TASK GOAL
Print all the data below exactly, without images.

━━━━━ ENTRIES PROVIDED ━━━━━

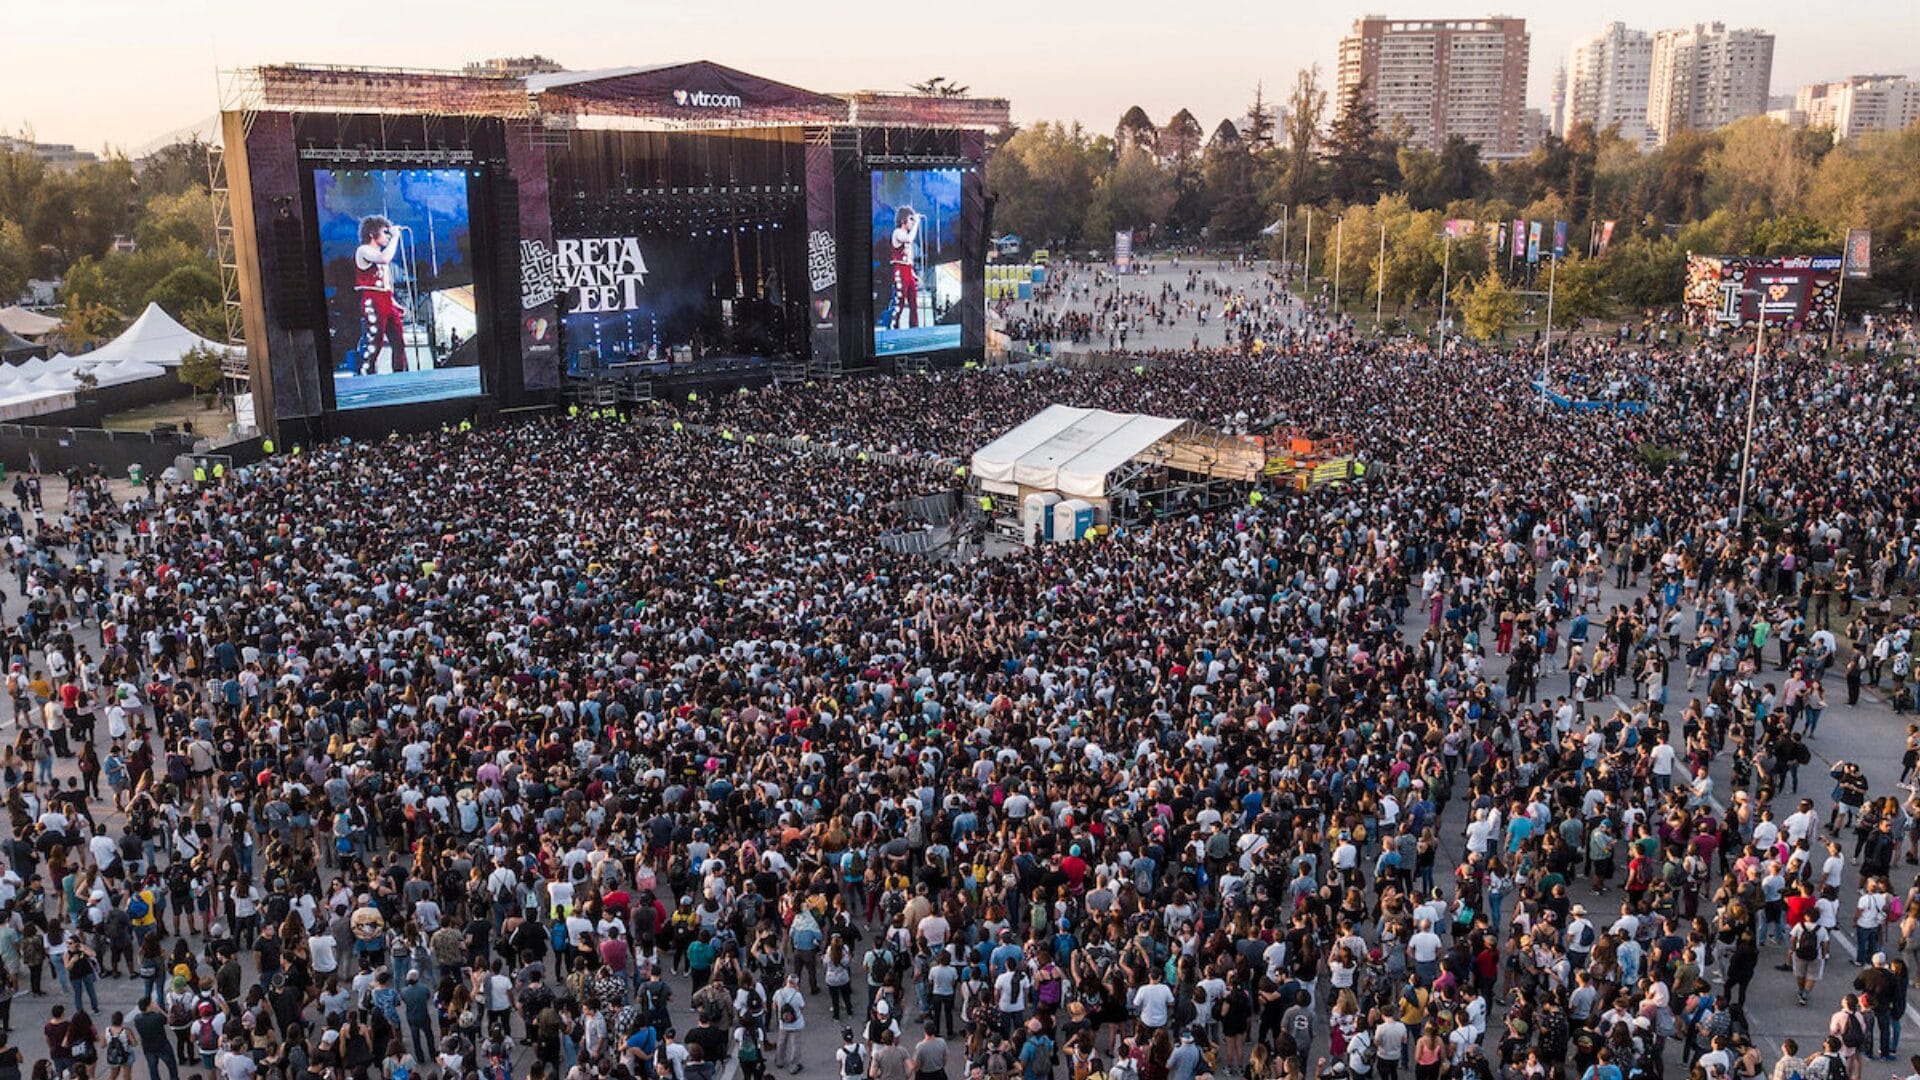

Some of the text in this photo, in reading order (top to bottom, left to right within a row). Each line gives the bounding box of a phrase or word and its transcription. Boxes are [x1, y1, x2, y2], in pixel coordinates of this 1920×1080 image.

[689, 90, 741, 108] vtr.com
[552, 237, 649, 275] RETA
[558, 264, 615, 288] VAN
[567, 273, 645, 314] EET
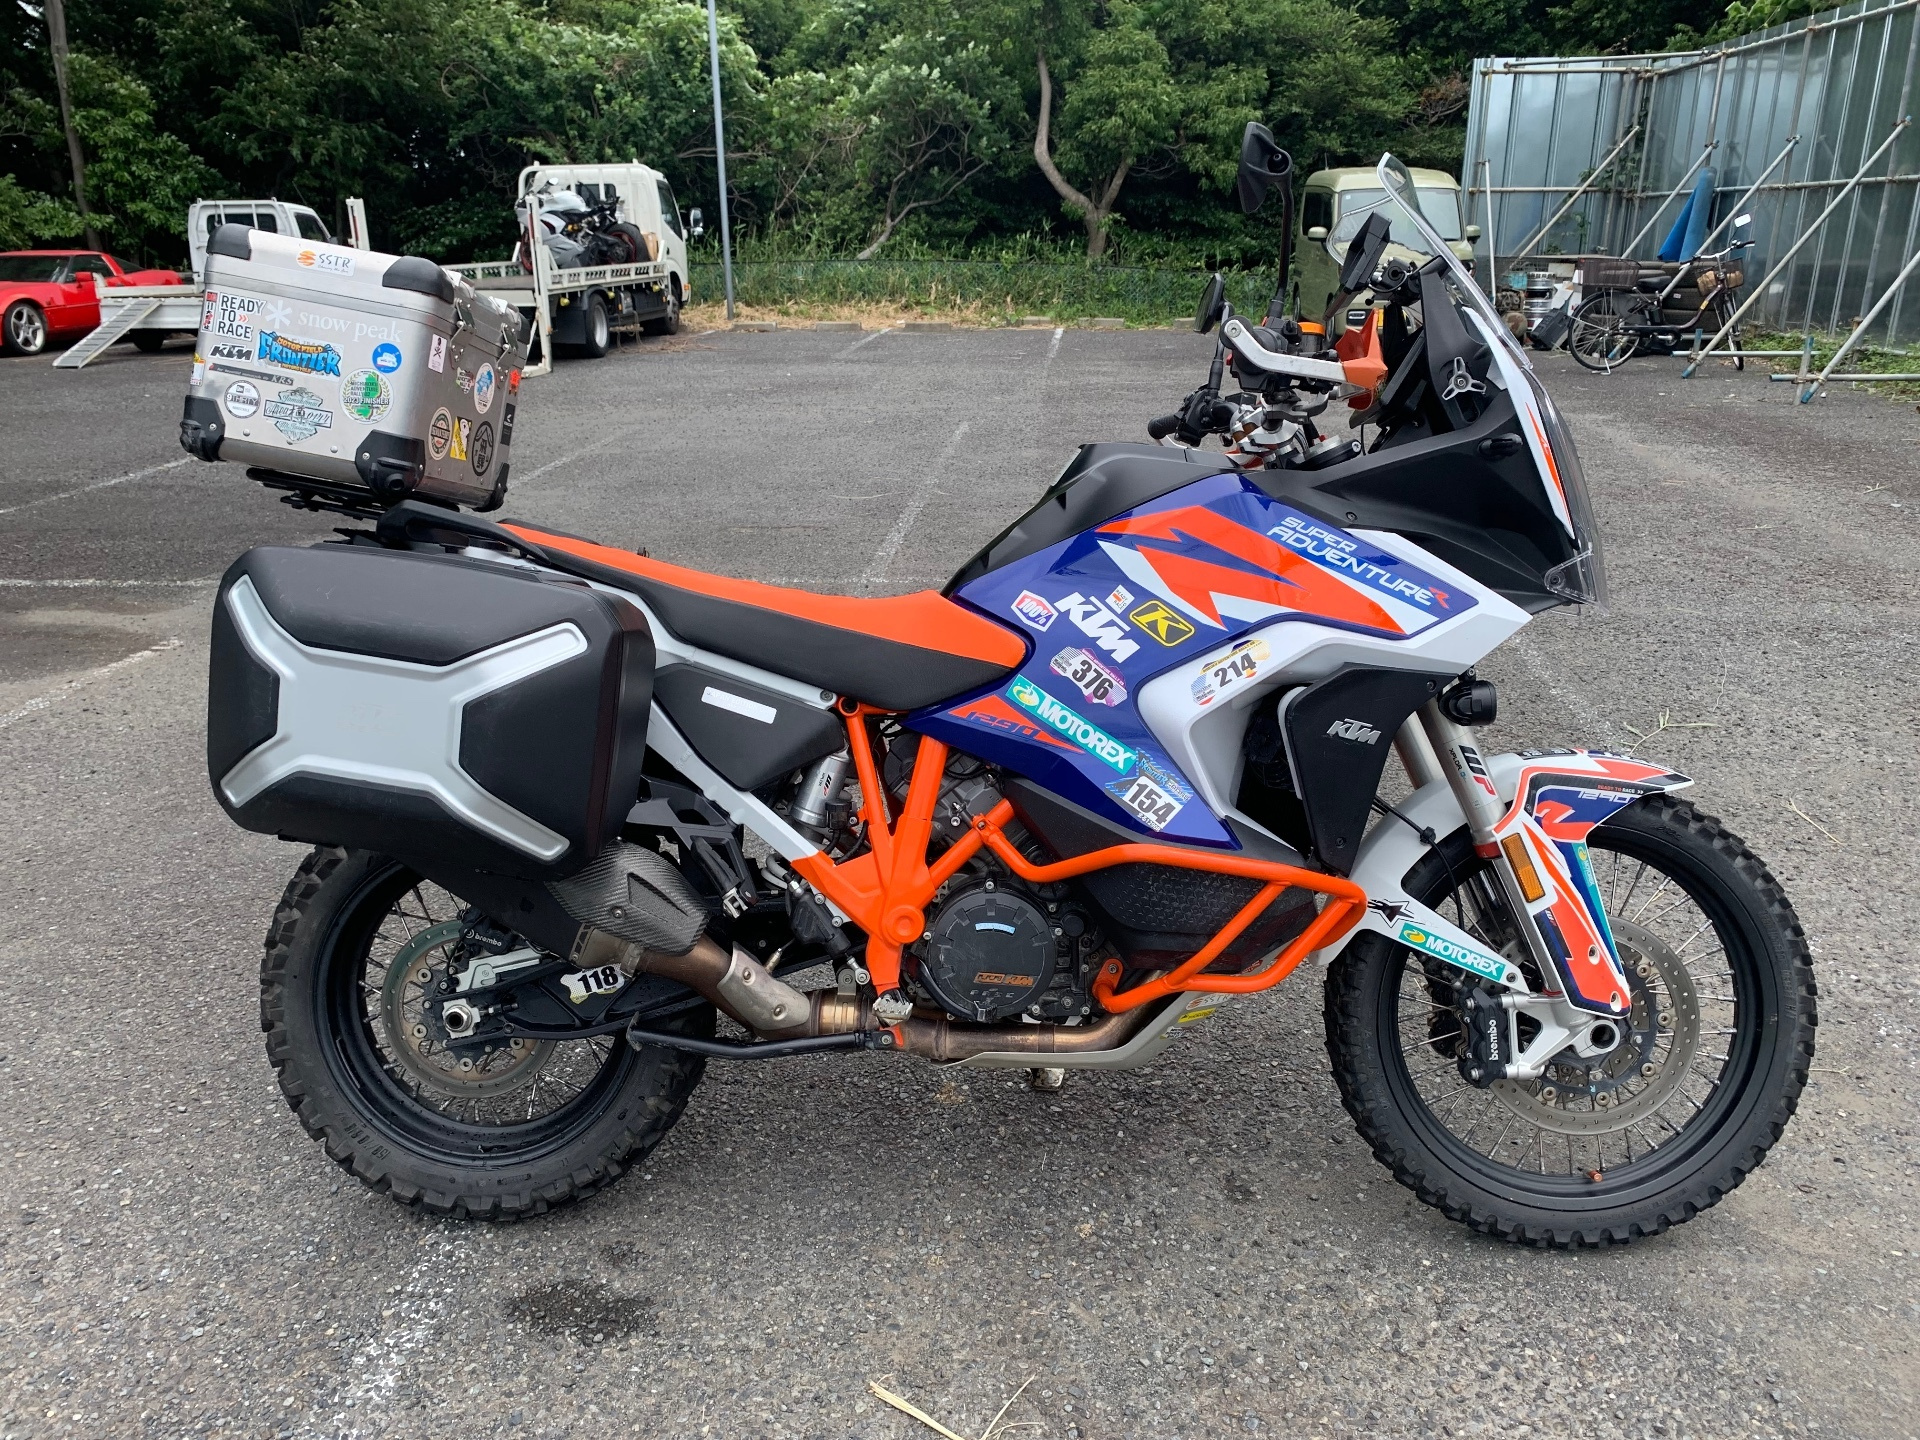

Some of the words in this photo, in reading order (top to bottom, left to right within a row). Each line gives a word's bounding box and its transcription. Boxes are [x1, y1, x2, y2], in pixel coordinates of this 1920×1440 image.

━━━━━

EXPECTED OUTPUT
Some of the text in this photo, in reading order (top to bottom, left to right within a row). Each line gives the bounding box of a phrase or word and its transcription. Boxes are [x1, y1, x2, y2], in pixel coordinates of this 1920×1080 image.

[689, 90, 741, 108] vtr.com
[552, 237, 649, 275] RETA
[558, 264, 615, 288] VAN
[567, 273, 645, 314] EET

Some of the words in this photo, in reading order (top to bottom, left to right within a row). Each line gives a word's bounding box and its transcription. Boxes are [x1, y1, x2, y2], in pixel coordinates of this 1920×1440 image.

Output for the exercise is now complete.